同年にフォンタナからHello Josephineという曲でデビューを果たしている。
ちなみにウェイン・フォンタナのフォンタナはエルヴィス・プレスリー初期のバックバンドのドラマーD.J.Fontanaからとったもので、レコード会社の名前とは無関係である。
原題「The Game Of Love」、邦題「ゲーム・オブ・ラブ」
アメリカ盤、一番右がウェイン・フォンタナで、一番左がエリック・スチュワート
日本発売盤ジャケット
グループの生い立ち
ウェイン・フォンタナのステージネームでバックバンド「ジェッツ」を従えて英国各地のクラブに出演していた。
このジェッツからベーシストのボブ・ラングのみが加わり、他のグループからエリック・スチュワートとリック・ロズウェルを加えた「ウェイン・フォンタナ&ザ・マインドベンダーズ(Wayne Fontana & The Mindbenders)」として音楽シーンに登場した。
この時のメンバーはリーダーでボーカルのウェイン・フォンタナの他にギターのエリック・スチュワート(当時19歳)、ボブ・ラングとリック・ロズウェルの4人であった。
1963年7月にはフィリップス・レコード傘下のフォンタナ・レコードから
1stシングル Hello Josephine 全英46位 ファッツ・ドミノのカバー
2ndシングル For You,For You チャートインせず
3rdシングル Little Darlin’ チャートインせず
4thシングル Stop,Look And Listen 全英37位 ベン・E・キングのカバー
という鳴かず飛ばずの状態が続くものの、ビートブーム最高潮にあった64年後半にリリースしたカーティス・メイフィールド作でメジャー・ランスのカバー
「Um,Um, Um,Um, Um,Um(恋のウムウム)」(全英5位)
に続き、アメリカのソングライター、クリント・バラード・Jの作品
「ゲーム・オブ・ラブ(The Game Of Love)」(65年全米1位、全英2位)
でようやくブレイクする。
大ヒットの後が続かなかった
しかしその後出した2枚のシングル
1965年6月 7thシングル It’s Just A Little Bit Too Late 全米45位全英20位
1965年9月 8thシングル She Needs Love 全英32位
が振るわず、ルックスもよくスター性もあったウェイン・フォンタナは脱退してソロ活動し、マインドベンダーズはメンバーを変えて活動をすることになる。
ソロシンガーとして独立したウェイン・フォンタナはそのままフォンタナ・レコードに残り、
It Was Easier To Hurt Her 1965年12月 全英35位 ダスティ・スプリングフィールドのカバー
Come On Home 1966年 全英16位 ジャッキー・エドワーズ作
Pamela,Pamela 全英11位 グレアム・グールドマン作
とそこそこのヒットは出すものの、期待されたほどの活躍ではなかった。
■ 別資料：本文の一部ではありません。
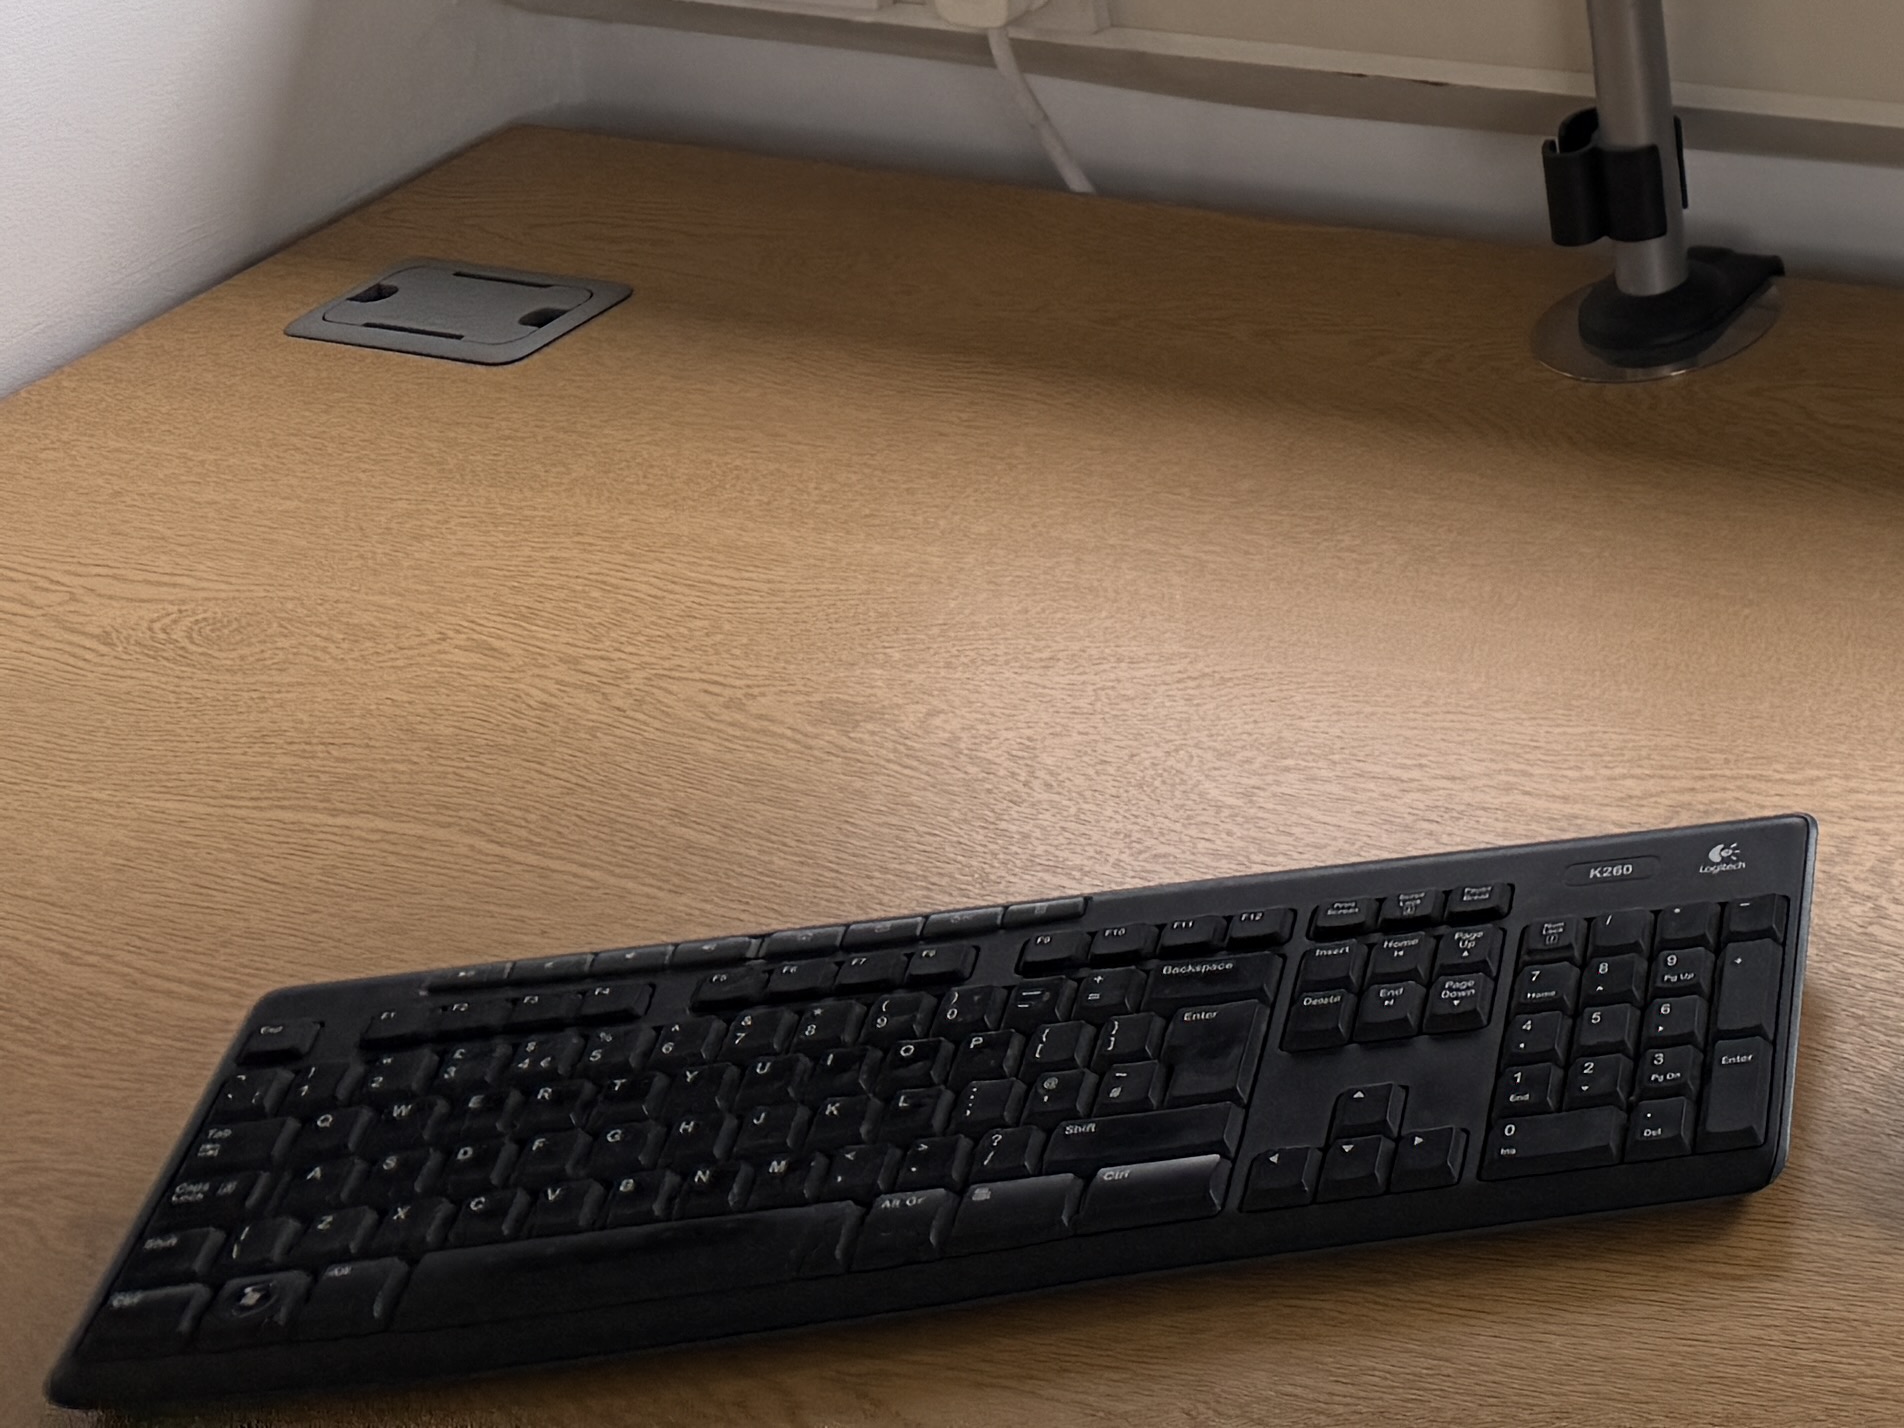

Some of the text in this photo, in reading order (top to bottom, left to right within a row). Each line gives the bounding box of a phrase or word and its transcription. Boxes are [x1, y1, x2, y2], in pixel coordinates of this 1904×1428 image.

[1589, 864, 1633, 879] K260
[1699, 861, 1746, 875] Logitech
[1241, 912, 1262, 922] F12
[1173, 920, 1193, 929] F11
[1104, 928, 1126, 937] F10
[1454, 930, 1484, 940] Page
[1383, 938, 1419, 948] Home
[1459, 939, 1476, 948] Up
[1316, 946, 1350, 956] Insert
[852, 958, 867, 966] F7
[1666, 954, 1678, 966] 9
[1162, 962, 1234, 975] Backspace
[1598, 963, 1609, 973] 8
[1531, 970, 1541, 981] 7
[1445, 980, 1475, 990] Page
[1379, 988, 1404, 997] End
[1441, 989, 1476, 998] Down
[1527, 990, 1556, 999] Home
[1660, 1004, 1671, 1014] 6
[1184, 1010, 1219, 1021] Enter
[1591, 1012, 1601, 1023] 5
[876, 1016, 888, 1028] 9
[1522, 1020, 1532, 1031] 4
[805, 1024, 816, 1036] 8
[734, 1033, 746, 1045] 7
[970, 1037, 984, 1050] P
[661, 1042, 674, 1054] 6
[900, 1045, 914, 1056] O
[589, 1050, 602, 1062] 5
[1653, 1053, 1664, 1064] 3
[1721, 1053, 1753, 1064] Enter
[756, 1062, 771, 1074] U
[1583, 1062, 1594, 1073] 2
[372, 1077, 383, 1088] 2
[686, 1070, 699, 1083] Y
[1513, 1072, 1522, 1082] 1
[612, 1079, 628, 1090] T
[537, 1087, 553, 1101] R
[468, 1095, 484, 1108] E
[898, 1096, 910, 1107] L
[392, 1103, 412, 1117] W
[826, 1103, 840, 1115] K
[317, 1114, 332, 1128] Q
[753, 1113, 766, 1125] J
[679, 1121, 695, 1134] H
[1064, 1123, 1097, 1135] Shift
[1504, 1124, 1516, 1136] 0
[606, 1130, 624, 1143] G
[532, 1138, 547, 1151] F
[457, 1146, 473, 1160] D
[382, 1156, 398, 1171] S
[769, 1160, 790, 1173] M
[306, 1167, 322, 1180] A
[694, 1170, 711, 1183] N
[619, 1178, 635, 1192] B
[547, 1188, 562, 1202] V
[471, 1196, 486, 1211] C
[881, 1197, 900, 1208] Alt
[392, 1206, 410, 1220] X
[318, 1215, 333, 1230] Z
それでも売れないながらも70年代まではしぶとくシングルを出し続けた。
なお彼は現在オールディーズ系のプロダクションを構え、当時活躍したアーティスト達と契約して興行をうっている。
一方のマインドベンダーズは大活躍
残された地味なメンバーのマインドベンダーズもフォンタナ・レコードに残り、エリック・スチュワートをリード・ボーカルとし、1965年12月トニー・ワイン&キャロル・ベイヤー・セイガー作でパティ・ラベル&ザ・ブルーベルズのカバーとなる
A Groovy Kind Of Love(恋はごきげん) 全米2位全英2位
の大ヒットを出した。しかもこの曲は1980年代にフィル・コリンズもカバーして大ヒットとなった(後述)
続いて1966年にリリースした同じくトニー・ワイン&キャロル・ベイヤー・セイガー作の2枚のシングル
Can’t Live Without You 全英28位
Ashes To Ashes 全米55位全英14位
がそれなりのヒットとなるものの、その後しばらくはヒットが出なくなった。
1967年8月リック・ロスウェルが脱退し、ポール・ハンコックが加入。
1967年9月リリースしたボックス・トップスのカバーシングル「The Letter」(全英42位)ではグレアム・グールドマンをプロデューサーとして迎えた(ジョン・ポール・ジョーンズもアレンジャーとして参加)ことから久々のヒットとなった。
これがきっかけでグレアム・グールドマンはマインドベンダーズに加入するが、1968年8月にリリースしたグレアム・グールドマン作のシングル「Uncle Joe,The Ice Cream Man」を最後に解散する。
なお1967年にはLuluの主題歌がNo1になったシドニー・ポワチエ主演の映画「To Sir With Love(いつも心に太陽を)」にダンスバンド役で出演している。
映画「To Sir With Love」予告編
Wayne Fontana & The Mindbendersの動画
さて本題に戻ってこの曲は日本ではそれほどのヒットとはならず、カバーも作られなかったように記憶している。
ただラジオからは良く流れていたのを聞いていたので覚えている。
Wayne Fontana & The Mindbenders
1965年4月全米1位
ライブ映像
TV映像
フィル・コリンズのカバーも大ヒットとなった”A Groovy Kind Of Love”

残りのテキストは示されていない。